明军一阵欢呼,士兵们跃跃欲试,但沐起元并不着急,城中还有十万东吁的士兵。
他让炮手将开花弹向前延伸三百步,四轮射击。
城头上早就看不到守军了,即使有守军活着,应该也会躲到城墙的背面,或者干脆逃离了城头,争着向他隆汇报最新的战况。
沐启元让炮手们向城下移动火炮,争取让开花弹落到城内八百步的地方,方才重新架设好火炮。
开花弹向城内延伸五百步、八百步,分别四轮炮击。
“司令,开花弹已经不多了,现在可以入城了吗?”陈子壮也被明军的开花弹弄得心潮澎湃,虽然是军长,他从来没有见过这么多火炮齐射,而且还有数十门山地炮。
“嗯,应该差不多了,按顺序入城。”沐启元早就看不到城头的守军了,但城内的大批守军应该还在,他叮嘱一句:“小心城内的东吁军,军队不要太过分散。”
“是,军座!”陈子壮答应一声,率先跑开了,这一次他争取到最先入城的机会,他早就期待着这一刻了。

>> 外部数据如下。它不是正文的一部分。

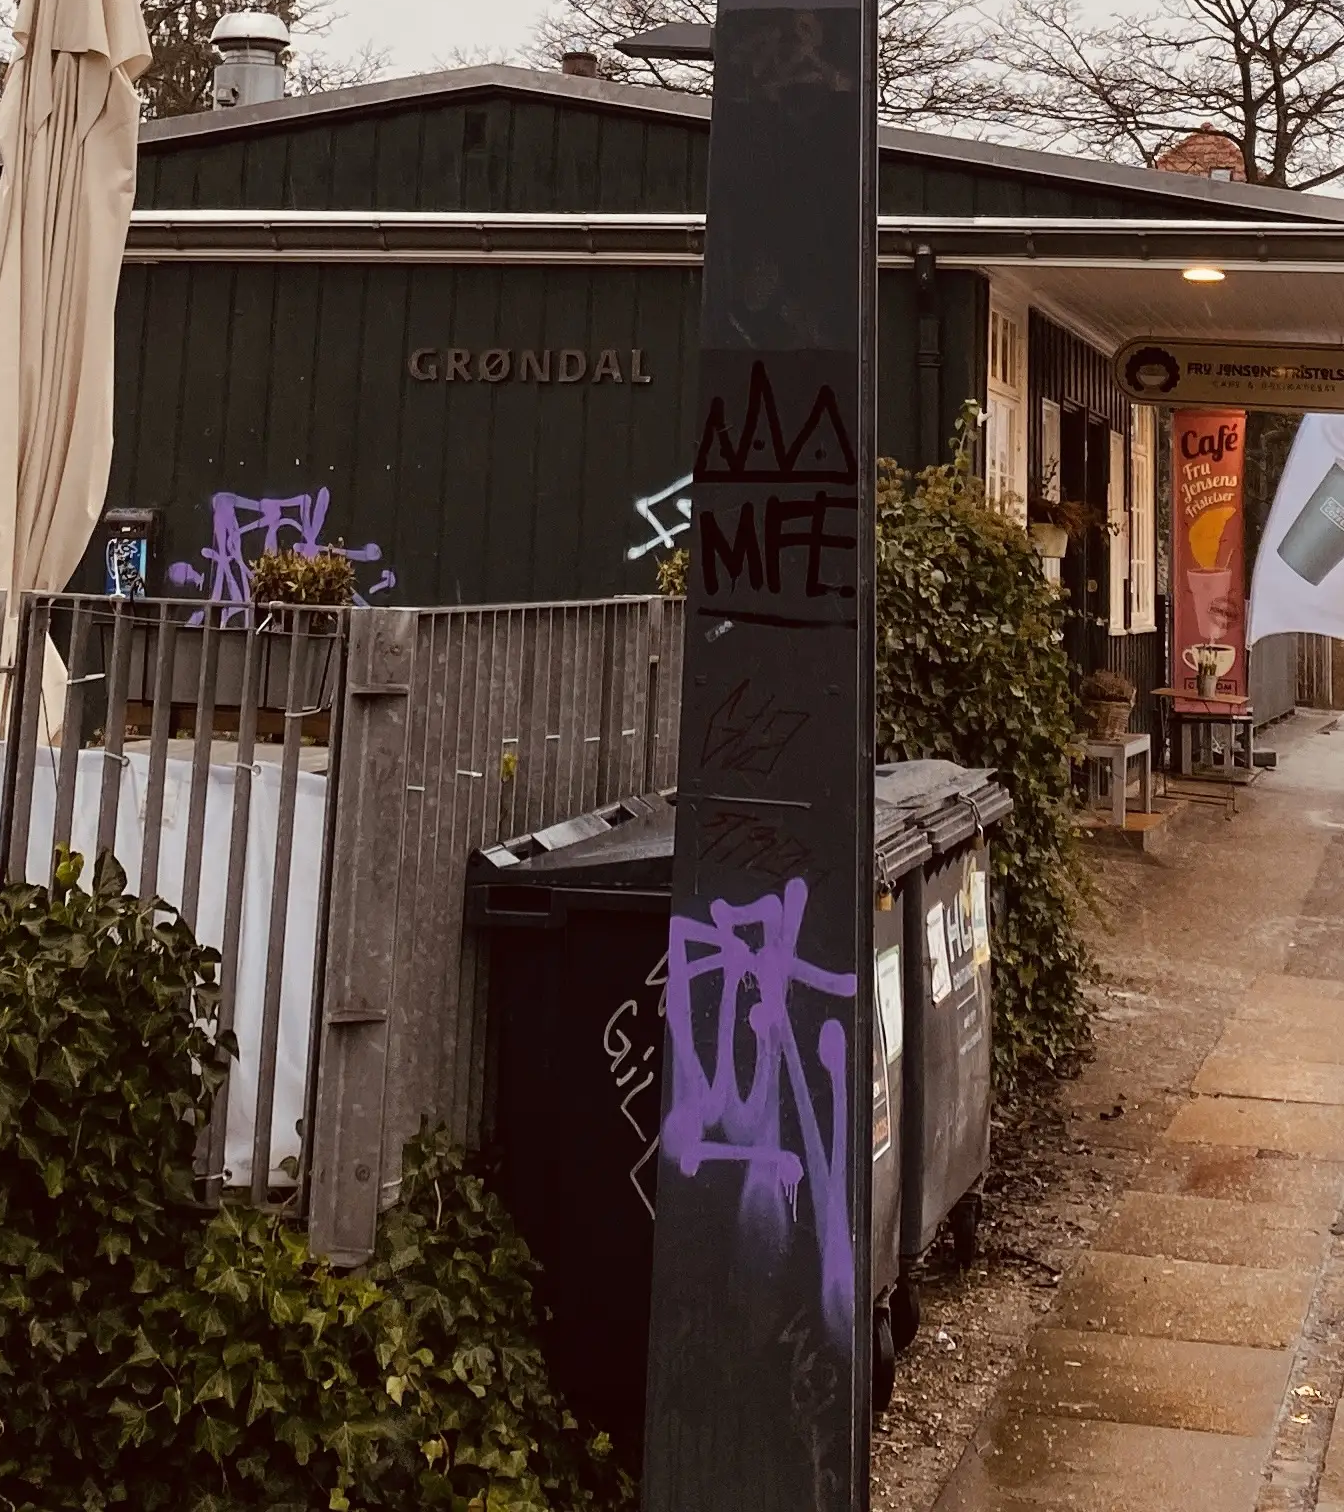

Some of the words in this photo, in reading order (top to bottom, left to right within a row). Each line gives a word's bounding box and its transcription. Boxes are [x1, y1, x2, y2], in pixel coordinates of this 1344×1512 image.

[408, 347, 652, 383] GRØNDAL
[1181, 423, 1238, 462] Café
[1183, 462, 1211, 481] Fru
[1181, 475, 1238, 504] Jensens
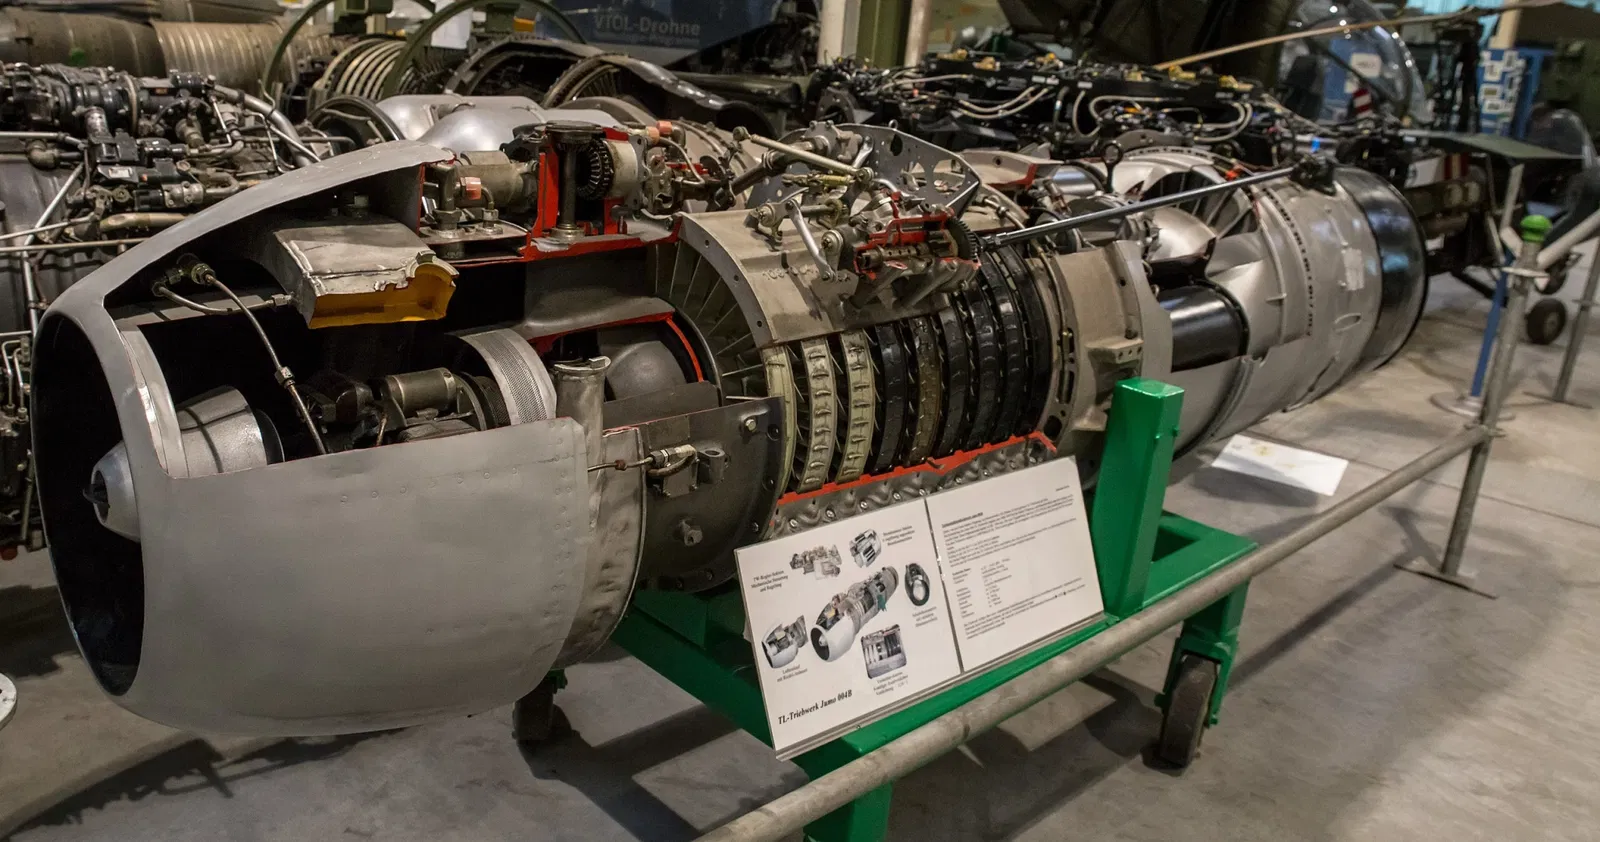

其他的军队都是羡慕,但沐起元又传出新的军令,“刘臻羽!”
“到!”刘臻羽笔挺地站在沐起元的身边,他以为他等来了第二个入城的机会。
沐起元却没有给刘臻羽入城的机会,“他隆可能要从东城门逃跑,你就不要入城了,带着五十五师,绕过北城门,沿着城墙直接插到东城门,务必堵截他隆,活要见人,死要见尸!”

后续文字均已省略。